Evolution of gene families
Laurales belongs to the magnoliids, and the evolutionary position of magnoliids is still unclear4,5,6,7,8,19,20. We constructed a high-confidence phylogenetic tree based on 292 single-copy gene families extracted from the genomes of 18 species (Supplementary Fig. 7 and Supplementary Table 11). The phylogenetic trees were constructed using the phase 1 loci of orthologous genes, with the branch lengths representing evolutionary rates. The phylogenetic tree showed that magnoliids, including C. kanehirae, P. bournei, Persea americana, Litsea cubeba, P. nigrum, and L. chinense, formed a sister group to the monocot−eudicot clade (Fig. 1a) based on the Bayesian method. This is consistent with the phylogenetic trees of magnoliids based on the L. chinense5 genome and the P. americana6 genome. To further determine the positional relationships of magnoliids, monocots, and eudicots, we constructed concatenated and ASTRAL trees based on protein and nucleotide sequences. The phylogenetic trees constructed via the ASTRAL and concatenated methods based on amino acids also showed that the magnoliid clade was sister to the monocot-eudicot clade (Fig. 1b; Supplementary Fig. 8). However, the phylogenetic trees constructed via the ASTRAL and concatenated methods based on nucleotides provided support for a recent common ancestor of magnoliids and monocots, which formed a clade sister to the eudicot clade (Fig. 1c). Incomplete lineage sorting is better understood as a problem of ancestral polymorphism that does not sort according to the species tree, and this polymorphism is represented in terms of haplotypes or alleles. Copy number variations can also help define haplotypic or allelic states, and copy number variants (e.g., tandem duplicates) can contribute to incomplete lineage sorting. Thus, genealogies based on orthology remain difficult to differentiate from those based on orthology plus paralogy. Therefore, we favored a phylogenetic tree based on the Bayesian method. In addition, using the MCMC tree with fossil calibration, we estimated that the Lauraceae divergence time was 127.56 Mya, and the divergence time between P. bournei and P. americana was 14.05 Mya (Supplementary Fig. 9).

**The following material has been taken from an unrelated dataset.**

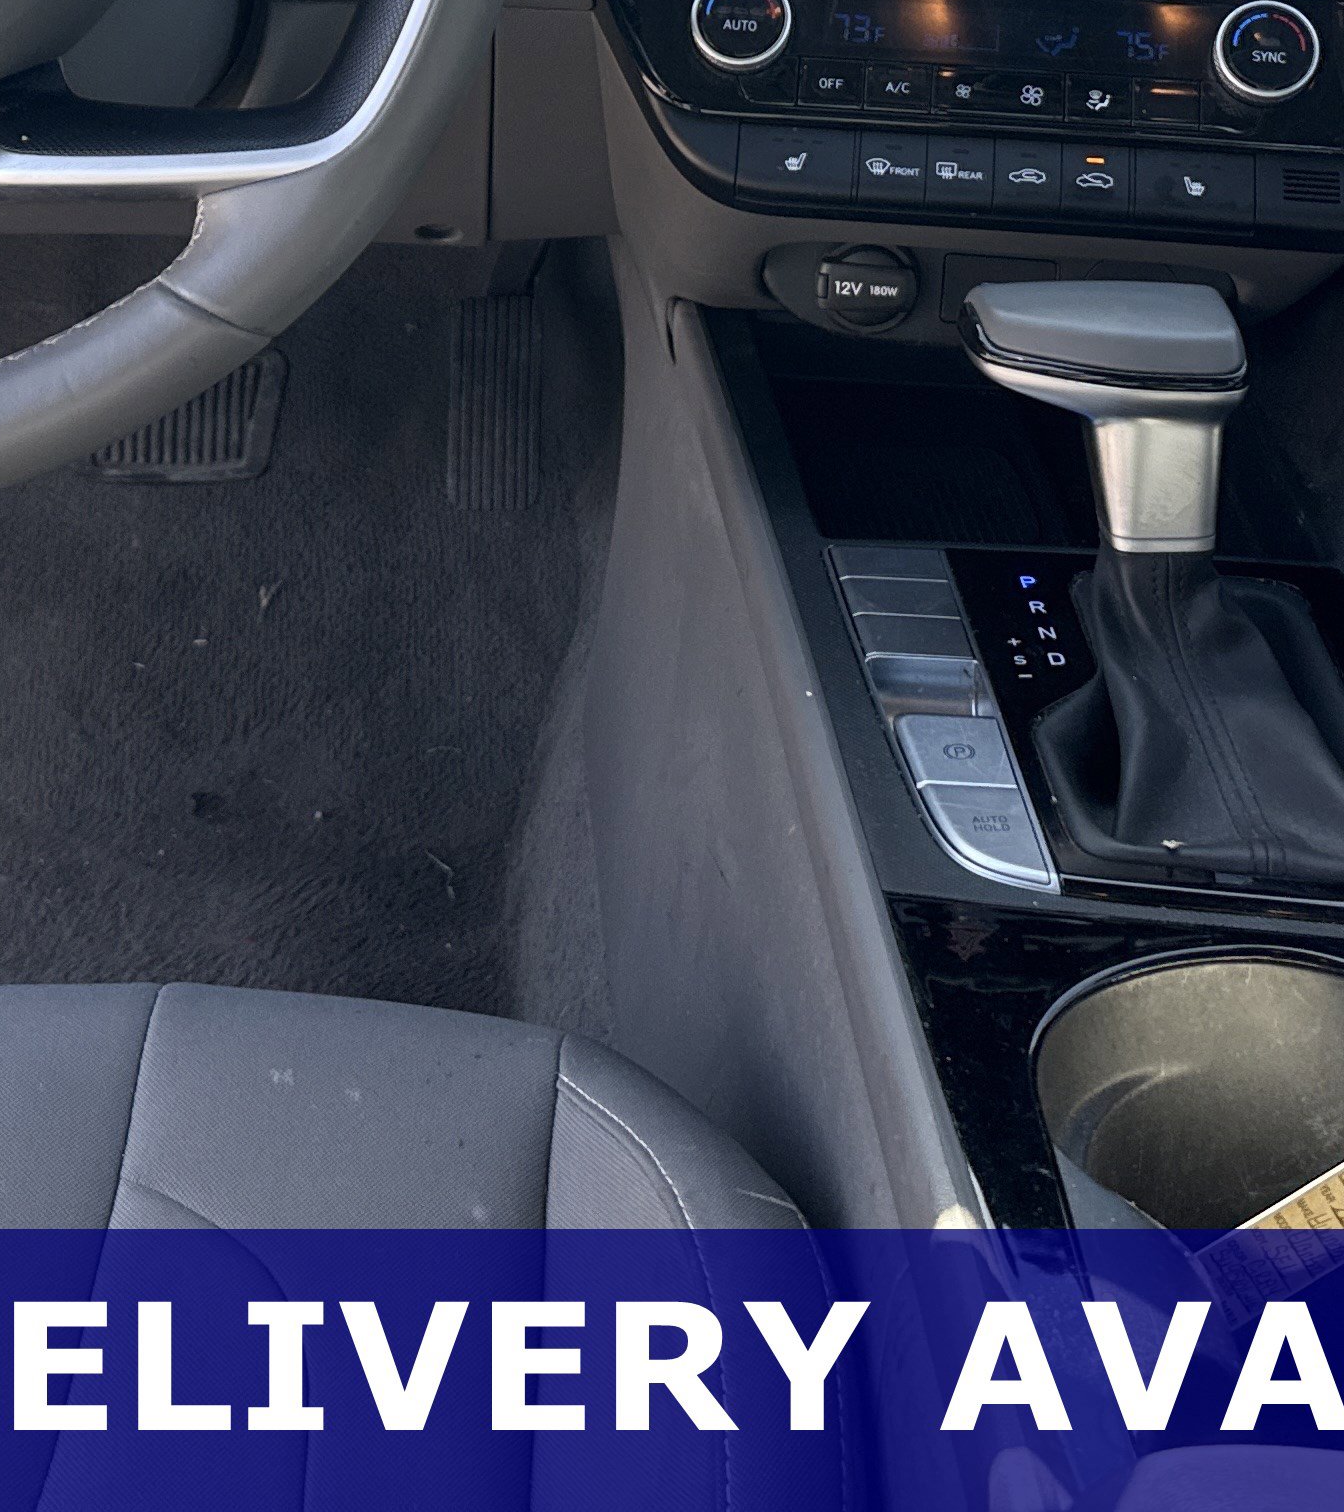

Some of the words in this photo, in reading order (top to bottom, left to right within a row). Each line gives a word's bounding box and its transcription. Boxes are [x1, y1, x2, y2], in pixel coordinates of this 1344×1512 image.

The expansion and contraction of orthologous gene families were determined based on a probabilistic graphical model (Fig. 2). A total of 1075 gene families were expanded in the lineage leading to Laurales, and 547 families were contracted. A total of 745 gene families were expanded in P. bournei, compared with 1198 and 910 in P. americana and C. kanehirae, respectively. At the same time, 1785 gene families were contracted in P. bournei, compared with 1626 and 1044 in P. americana and C. kanehirae, respectively.
Synteny analysis and whole-genome duplications (WGD)
The distribution of Ks values in the P. bournei, C. kanehirae, P. americana, and L. cubeba genomes showed two clear peaks, one at Ks1 ≈ 0.5–0.6 and the other at Ks2 ≈ 0.85–0.95 (Fig. 3a). These two Ks peaks were greater than the Ks values of the differentiation peaks of P. bournei–C. kanehirae, P. bournei–L. cubeba, and P. bournei–P. americana (Ks < 0.1). This result indicated that the common ancestor of Lauraceae (P. bournei, C. kanehirae, L. cubeba, and P. americana) underwent two polyploidization events before the groups diverged. Collinearity analysis confirmed that these two polyploidy events of P. bournei were WGD events (Fig. 3b). C. kanehirae, L. cubeba, and P. americana also experienced two WGD events6,7,8. The distribution of Ks values in the P. nigrum genome showed one peak, which means that one WGD event occurred in the P. nigrumi genome. This is consistent with previously reported WGD results for the P. nigrumi genome4. The Ks differentiation peak of P. bournei–P. nigrum occurred at Ks ≈ 1.75, which was greater than the two Ks peaks (Ks1 ≈ 0.5–0.6 and Ks2 ≈ 0.85–0.95) observed in Lauraceae (P. bournei, C. kanehirae, L. cubeba, and P. americana) genomes (Fig. 3a). This result indicates that after the divergence of the common ancestors of Lauraceae and Piperales (P. nigrum), Lauraceae experienced two WGD events. The Ks differentiation peak of P. bournei–L. chinense (Ks ≈ 0.825) was larger than the Ks1 peak (Ks1 ≈ 0.5–0.6) in Lauraceae (P. bournei, C. kanehirae, L. cubeba, and P. americana) and smaller than the Ks2 peak (Ks2 ≈ 0.85–0.95) in Lauraceae (P. bournei, C. kanehirae, L. cubeba, and P. americana). The results showed that an ancient WGD event (Ks2 ≈ 0.85–0.95) occurred in Lauraceae genomes before the differentiation of L. chinense (Magnoliales) and Lauraceae and that a recent WGD event (Ks1 ≈ 0.5–0.6) occurred after the differentiation of L. chinense (Magnoliales) and Lauraceae. The gene tree and Ks analysis both showed that L. chinense experienced one WGD event and revealed two WGDs in the P. bournei genome (Fig. 3a; Supplementary Fig. 10). Based on the previous WGD analysis of the L. cubeba genome8, we suggest that Lauraceae has experienced two WGD events: an ancient WGD event, which may have occurred just before the divergence of Magnoliales and Lauraceae, and a recent WGD, occurring before the differentiation of Lauraceae (Fig. 3c).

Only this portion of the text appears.